[Data items]
□ □ □ □ □ □ □

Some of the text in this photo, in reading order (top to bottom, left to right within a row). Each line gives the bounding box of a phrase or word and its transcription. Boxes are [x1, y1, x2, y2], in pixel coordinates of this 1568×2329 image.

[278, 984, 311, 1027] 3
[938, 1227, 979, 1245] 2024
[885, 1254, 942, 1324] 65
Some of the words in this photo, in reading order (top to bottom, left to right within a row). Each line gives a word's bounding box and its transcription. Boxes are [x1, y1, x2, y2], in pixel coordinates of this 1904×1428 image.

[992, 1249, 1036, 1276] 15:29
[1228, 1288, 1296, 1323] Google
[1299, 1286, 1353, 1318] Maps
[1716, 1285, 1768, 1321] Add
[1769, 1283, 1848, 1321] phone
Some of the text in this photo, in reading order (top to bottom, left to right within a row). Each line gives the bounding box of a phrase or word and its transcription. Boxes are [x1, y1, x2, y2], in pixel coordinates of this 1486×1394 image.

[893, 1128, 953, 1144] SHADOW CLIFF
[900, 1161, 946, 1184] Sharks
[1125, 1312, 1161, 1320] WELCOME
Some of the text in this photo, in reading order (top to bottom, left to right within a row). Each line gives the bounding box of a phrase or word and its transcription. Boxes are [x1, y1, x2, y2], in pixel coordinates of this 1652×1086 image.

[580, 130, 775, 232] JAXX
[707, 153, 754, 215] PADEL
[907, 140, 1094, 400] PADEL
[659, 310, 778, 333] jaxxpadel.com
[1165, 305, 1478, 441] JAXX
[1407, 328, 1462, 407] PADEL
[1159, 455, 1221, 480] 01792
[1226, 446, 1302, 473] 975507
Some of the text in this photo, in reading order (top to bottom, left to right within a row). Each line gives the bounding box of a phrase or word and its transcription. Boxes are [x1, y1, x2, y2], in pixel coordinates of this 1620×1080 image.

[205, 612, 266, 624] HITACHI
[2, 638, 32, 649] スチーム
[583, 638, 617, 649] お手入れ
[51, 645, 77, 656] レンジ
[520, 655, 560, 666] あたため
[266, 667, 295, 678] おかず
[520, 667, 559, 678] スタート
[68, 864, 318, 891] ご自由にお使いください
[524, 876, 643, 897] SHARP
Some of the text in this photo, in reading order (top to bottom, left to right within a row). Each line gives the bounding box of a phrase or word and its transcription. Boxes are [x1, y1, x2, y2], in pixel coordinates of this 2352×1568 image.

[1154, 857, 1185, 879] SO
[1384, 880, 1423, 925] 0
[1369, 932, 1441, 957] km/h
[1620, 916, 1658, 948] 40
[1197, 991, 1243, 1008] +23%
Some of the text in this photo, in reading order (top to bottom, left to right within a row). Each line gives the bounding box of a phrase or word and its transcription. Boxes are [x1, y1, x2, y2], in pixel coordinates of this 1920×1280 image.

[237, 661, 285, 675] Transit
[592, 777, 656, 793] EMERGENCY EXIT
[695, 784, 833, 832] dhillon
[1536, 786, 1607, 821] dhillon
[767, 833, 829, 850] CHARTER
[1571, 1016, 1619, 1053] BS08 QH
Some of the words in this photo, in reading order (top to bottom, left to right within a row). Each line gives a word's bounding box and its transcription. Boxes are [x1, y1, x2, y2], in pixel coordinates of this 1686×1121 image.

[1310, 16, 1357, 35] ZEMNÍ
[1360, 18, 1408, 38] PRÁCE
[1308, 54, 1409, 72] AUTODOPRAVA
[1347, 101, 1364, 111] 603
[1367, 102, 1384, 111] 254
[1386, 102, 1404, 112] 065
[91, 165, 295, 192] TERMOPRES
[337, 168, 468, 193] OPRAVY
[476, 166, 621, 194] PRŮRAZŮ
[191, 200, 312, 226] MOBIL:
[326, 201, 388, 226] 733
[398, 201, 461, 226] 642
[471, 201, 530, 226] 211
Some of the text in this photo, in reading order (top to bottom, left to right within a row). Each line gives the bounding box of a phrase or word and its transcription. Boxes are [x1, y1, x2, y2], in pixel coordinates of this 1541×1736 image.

□ □ □ □ □ □ □

▶ [Your task]
Give back, word for word, only the lines from the one containing "this 1686×1121 image." through the closing line of the entries.

▶ [Answer section]
Some of the words in this photo, in reading order (top to bottom, left to right within a row). Each line gives a word's bounding box and its transcription. Boxes are [x1, y1, x2, y2], in pixel coordinates of this 1686×1121 image.

[1310, 16, 1357, 35] ZEMNÍ
[1360, 18, 1408, 38] PRÁCE
[1308, 54, 1409, 72] AUTODOPRAVA
[1347, 101, 1364, 111] 603
[1367, 102, 1384, 111] 254
[1386, 102, 1404, 112] 065
[91, 165, 295, 192] TERMOPRES
[337, 168, 468, 193] OPRAVY
[476, 166, 621, 194] PRŮRAZŮ
[191, 200, 312, 226] MOBIL:
[326, 201, 388, 226] 733
[398, 201, 461, 226] 642
[471, 201, 530, 226] 211
Some of the text in this photo, in reading order (top to bottom, left to right within a row). Each line gives the bounding box of a phrase or word and its transcription. Boxes are [x1, y1, x2, y2], in pixel coordinates of this 1541×1736 image.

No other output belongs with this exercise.